● Task item
Word for word, restate the entries below, but exclude the images.

[Phrase grounding data]
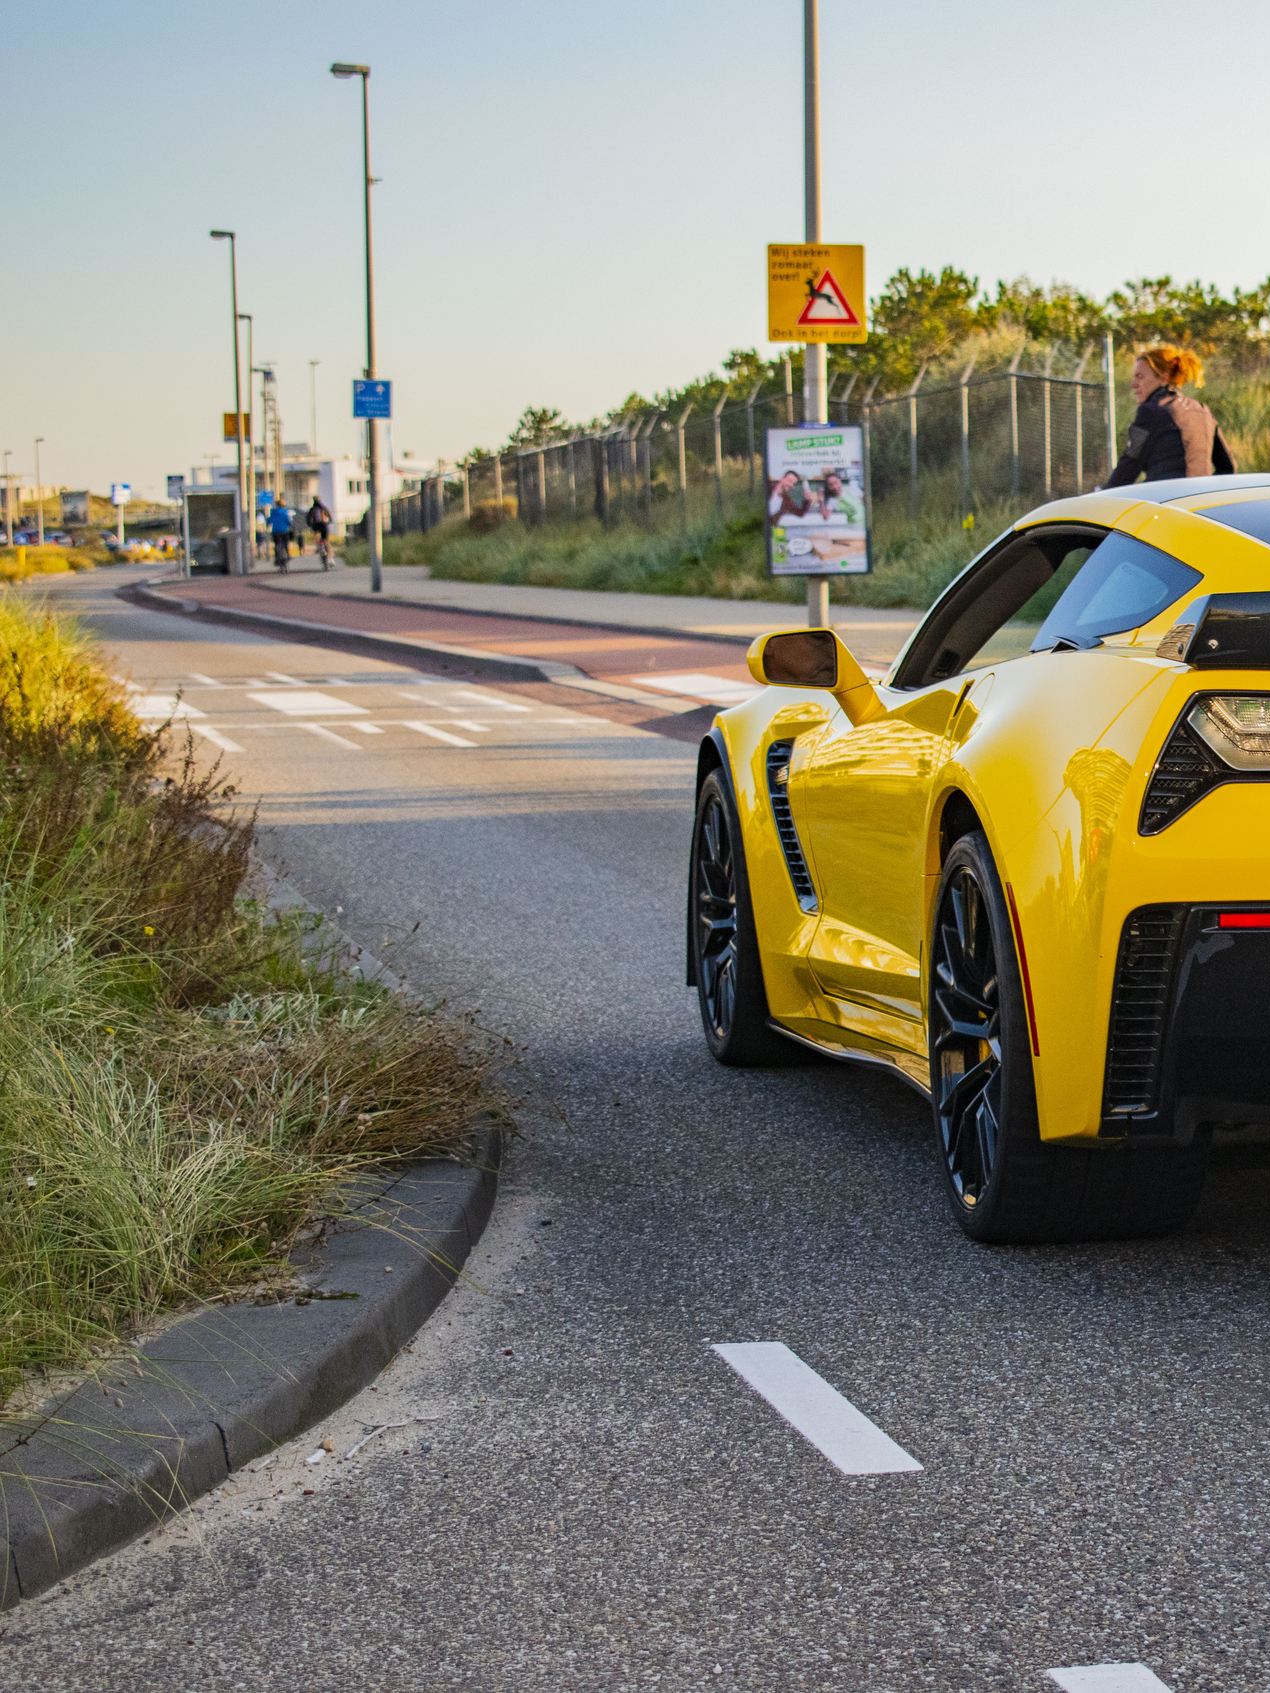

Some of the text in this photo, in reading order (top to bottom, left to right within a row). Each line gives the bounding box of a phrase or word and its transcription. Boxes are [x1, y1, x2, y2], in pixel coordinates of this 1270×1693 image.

[771, 248, 830, 259] Wij steken
[772, 261, 813, 269] zomaar
[772, 272, 800, 281] over!
[772, 329, 792, 337] Ook
[797, 329, 808, 337] in
[811, 329, 829, 337] het

● Answer for the task
Some of the text in this photo, in reading order (top to bottom, left to right within a row). Each line gives the bounding box of a phrase or word and its transcription. Boxes are [x1, y1, x2, y2], in pixel coordinates of this 1270×1693 image.

[771, 248, 830, 259] Wij steken
[772, 261, 813, 269] zomaar
[772, 272, 800, 281] over!
[772, 329, 792, 337] Ook
[797, 329, 808, 337] in
[811, 329, 829, 337] het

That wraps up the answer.